Saved entries
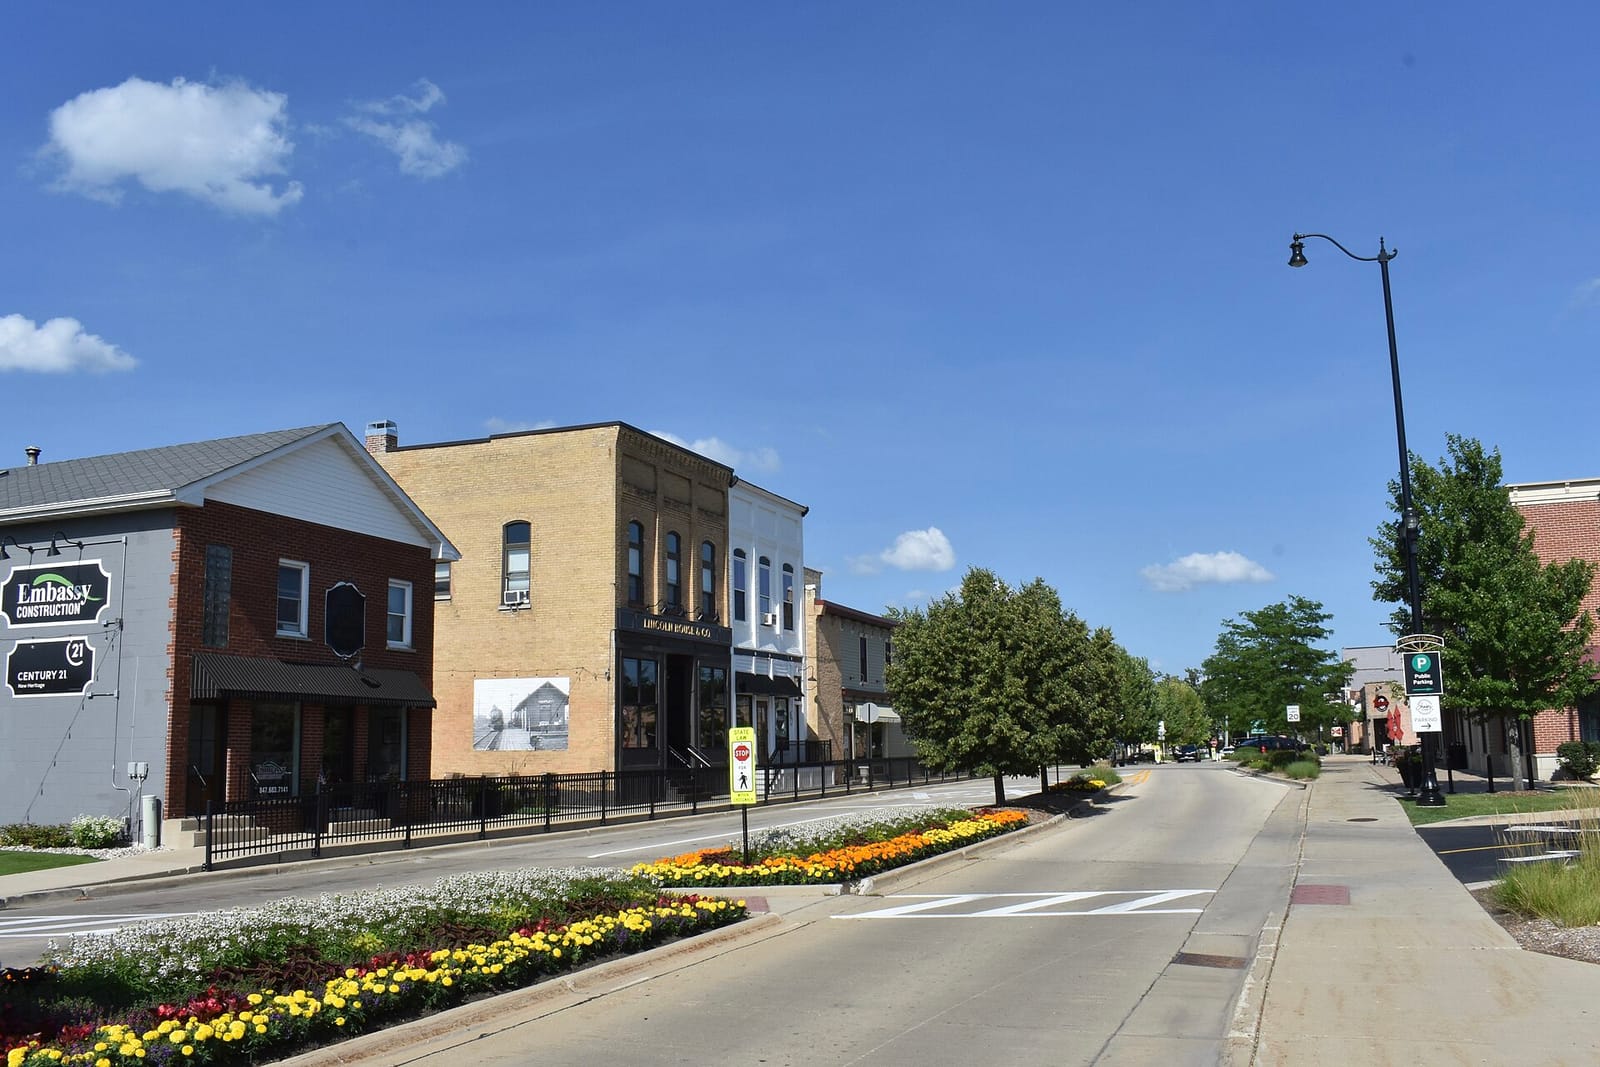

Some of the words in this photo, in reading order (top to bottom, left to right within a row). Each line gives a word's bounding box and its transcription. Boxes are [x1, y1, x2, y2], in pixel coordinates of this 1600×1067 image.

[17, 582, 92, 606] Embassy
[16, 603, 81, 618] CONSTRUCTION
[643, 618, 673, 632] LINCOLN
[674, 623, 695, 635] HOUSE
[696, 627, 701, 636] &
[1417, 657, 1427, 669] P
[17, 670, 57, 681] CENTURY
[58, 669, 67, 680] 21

What is required →
All records above are to be output verbatim, with their pictures omitted.

Solved problem →
Some of the words in this photo, in reading order (top to bottom, left to right within a row). Each line gives a word's bounding box and its transcription. Boxes are [x1, y1, x2, y2], in pixel coordinates of this 1600×1067 image.

[17, 582, 92, 606] Embassy
[16, 603, 81, 618] CONSTRUCTION
[643, 618, 673, 632] LINCOLN
[674, 623, 695, 635] HOUSE
[696, 627, 701, 636] &
[1417, 657, 1427, 669] P
[17, 670, 57, 681] CENTURY
[58, 669, 67, 680] 21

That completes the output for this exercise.